The "Abwehr" was integrated into the troop office TA of the Reichswehr Ministry, the disguised General Staff of the Reichswehr, under the camouflage name of the Army Statistics Department T 3. This department included the areas of "Foreign Armies", press work, the organizational area for the military attachés and the area "Defense". Between 1927 and 1928 the "Abwehr" was restructured and the naval intelligence service, which had been operating separately until then, was incorporated into it. Due to clear violations of the law by individual leaders within the Reichswehr, from April 1, 1928, the area of the military intelligence service was directly subordinate to the Reichswehr Minister Wilhelm Groener (1867-1939).

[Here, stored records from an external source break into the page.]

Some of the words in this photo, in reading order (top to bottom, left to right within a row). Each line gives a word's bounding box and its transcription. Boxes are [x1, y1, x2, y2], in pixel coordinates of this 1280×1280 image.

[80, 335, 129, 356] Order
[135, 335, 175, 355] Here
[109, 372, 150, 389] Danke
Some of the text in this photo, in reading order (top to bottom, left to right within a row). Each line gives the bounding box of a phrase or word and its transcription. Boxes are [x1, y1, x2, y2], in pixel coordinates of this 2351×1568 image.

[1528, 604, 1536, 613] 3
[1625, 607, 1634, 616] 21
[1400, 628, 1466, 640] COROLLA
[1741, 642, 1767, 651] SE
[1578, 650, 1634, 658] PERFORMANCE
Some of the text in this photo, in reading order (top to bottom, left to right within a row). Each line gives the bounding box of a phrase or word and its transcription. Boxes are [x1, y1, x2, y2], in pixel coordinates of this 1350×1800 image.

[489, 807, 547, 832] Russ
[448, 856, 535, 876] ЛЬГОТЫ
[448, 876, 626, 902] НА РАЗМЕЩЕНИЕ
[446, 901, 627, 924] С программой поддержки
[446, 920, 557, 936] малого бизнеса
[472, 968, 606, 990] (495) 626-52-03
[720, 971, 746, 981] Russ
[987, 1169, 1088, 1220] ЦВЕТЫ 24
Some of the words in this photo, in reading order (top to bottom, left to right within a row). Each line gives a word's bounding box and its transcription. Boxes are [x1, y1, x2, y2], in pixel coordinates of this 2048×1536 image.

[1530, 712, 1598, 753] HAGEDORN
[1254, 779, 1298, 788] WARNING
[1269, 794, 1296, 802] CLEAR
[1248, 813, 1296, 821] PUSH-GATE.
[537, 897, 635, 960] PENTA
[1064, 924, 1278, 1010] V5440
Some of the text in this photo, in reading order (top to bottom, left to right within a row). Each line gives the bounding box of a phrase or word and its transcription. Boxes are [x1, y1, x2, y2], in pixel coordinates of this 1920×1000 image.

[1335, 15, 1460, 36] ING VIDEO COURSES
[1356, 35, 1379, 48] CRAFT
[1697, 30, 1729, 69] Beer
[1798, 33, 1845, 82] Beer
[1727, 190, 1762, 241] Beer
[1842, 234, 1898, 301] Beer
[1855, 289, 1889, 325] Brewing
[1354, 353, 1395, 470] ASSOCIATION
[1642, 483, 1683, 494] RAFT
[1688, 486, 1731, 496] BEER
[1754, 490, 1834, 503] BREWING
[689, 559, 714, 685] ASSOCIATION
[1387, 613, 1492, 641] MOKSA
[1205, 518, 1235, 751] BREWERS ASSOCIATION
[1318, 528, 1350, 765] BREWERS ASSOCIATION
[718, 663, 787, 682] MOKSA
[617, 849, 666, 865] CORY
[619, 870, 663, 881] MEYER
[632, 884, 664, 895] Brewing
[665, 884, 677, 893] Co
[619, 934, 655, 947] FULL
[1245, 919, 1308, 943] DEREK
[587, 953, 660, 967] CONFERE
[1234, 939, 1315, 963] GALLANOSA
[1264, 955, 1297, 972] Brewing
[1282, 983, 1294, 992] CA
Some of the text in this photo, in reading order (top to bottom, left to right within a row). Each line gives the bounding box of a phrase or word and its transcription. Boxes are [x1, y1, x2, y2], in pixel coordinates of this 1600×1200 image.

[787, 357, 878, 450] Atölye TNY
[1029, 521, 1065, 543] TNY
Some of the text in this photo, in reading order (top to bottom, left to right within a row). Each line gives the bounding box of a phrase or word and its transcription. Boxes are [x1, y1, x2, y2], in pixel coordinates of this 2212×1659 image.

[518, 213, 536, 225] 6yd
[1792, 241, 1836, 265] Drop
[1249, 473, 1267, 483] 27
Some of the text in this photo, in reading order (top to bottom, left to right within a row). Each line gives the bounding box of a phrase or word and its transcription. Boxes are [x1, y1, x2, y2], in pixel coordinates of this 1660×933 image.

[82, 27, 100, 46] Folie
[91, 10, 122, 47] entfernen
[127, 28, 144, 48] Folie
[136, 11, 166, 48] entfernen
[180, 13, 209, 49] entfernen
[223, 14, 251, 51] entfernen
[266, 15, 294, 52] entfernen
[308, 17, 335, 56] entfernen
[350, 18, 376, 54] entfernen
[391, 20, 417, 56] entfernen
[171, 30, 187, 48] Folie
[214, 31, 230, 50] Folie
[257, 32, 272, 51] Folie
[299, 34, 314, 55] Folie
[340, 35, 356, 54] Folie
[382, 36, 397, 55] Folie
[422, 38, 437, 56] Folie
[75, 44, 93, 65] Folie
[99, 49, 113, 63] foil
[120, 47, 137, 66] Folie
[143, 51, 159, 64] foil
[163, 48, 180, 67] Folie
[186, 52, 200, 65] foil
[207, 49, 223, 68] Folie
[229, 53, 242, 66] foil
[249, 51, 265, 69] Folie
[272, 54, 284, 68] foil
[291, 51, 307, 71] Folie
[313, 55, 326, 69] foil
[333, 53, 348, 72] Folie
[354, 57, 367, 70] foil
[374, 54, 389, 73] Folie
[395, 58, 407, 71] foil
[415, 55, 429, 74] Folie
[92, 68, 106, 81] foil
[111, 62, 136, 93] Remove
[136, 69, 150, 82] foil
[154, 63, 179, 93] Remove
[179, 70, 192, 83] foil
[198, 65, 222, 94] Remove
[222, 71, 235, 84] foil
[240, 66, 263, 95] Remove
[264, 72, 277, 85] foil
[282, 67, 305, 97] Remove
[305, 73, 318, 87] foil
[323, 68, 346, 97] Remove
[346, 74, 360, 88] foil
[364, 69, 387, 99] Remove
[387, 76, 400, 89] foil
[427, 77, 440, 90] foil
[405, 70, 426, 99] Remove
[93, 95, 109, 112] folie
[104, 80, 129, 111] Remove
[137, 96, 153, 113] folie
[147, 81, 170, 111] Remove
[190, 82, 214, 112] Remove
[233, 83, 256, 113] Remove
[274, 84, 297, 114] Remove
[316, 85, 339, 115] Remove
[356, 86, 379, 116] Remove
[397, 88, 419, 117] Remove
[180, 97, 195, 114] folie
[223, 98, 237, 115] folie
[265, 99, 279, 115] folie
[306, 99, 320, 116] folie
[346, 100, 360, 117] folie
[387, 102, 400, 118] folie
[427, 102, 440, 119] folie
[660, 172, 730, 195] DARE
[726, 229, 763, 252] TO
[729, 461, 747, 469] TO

From this point on, the "Abwehr" was briefly in the military area solely responsible for intelligence gathering information, questions of internal secrecy, counter-espionage and international espionage . But as early as 1931 there was a separation of news gathering from news evaluation. In the course of this, the naval intelligence service was separated again as an independent unit. It was not until 1938, with the establishment of the Foreign / Defense Ministry of War , that the two military intelligence services were brought together again.
Head of Defense Department
- Lieutenant Colonel Friedrich Gempp (1921–1927)
- Lieutenant Colonel Günther Schwantes (1927–1930)
- Colonel Ferdinand von Bredow (1930 to mid-1932)
- Sea captain Conrad Patzig (mid-1932 to late 1934)
- Rear Admiral Wilhelm Canaris (January 1935–1938), then until 1944 head of the Defense Office and the Foreign Office / Defense
literature
- Helmut Roewer , Stefan Schäfer, Matthias Uhl : Lexicon of the secret services in the 20th century . Herbig-Verlag, Munich 2003, ISBN 3-7766-2317-9 .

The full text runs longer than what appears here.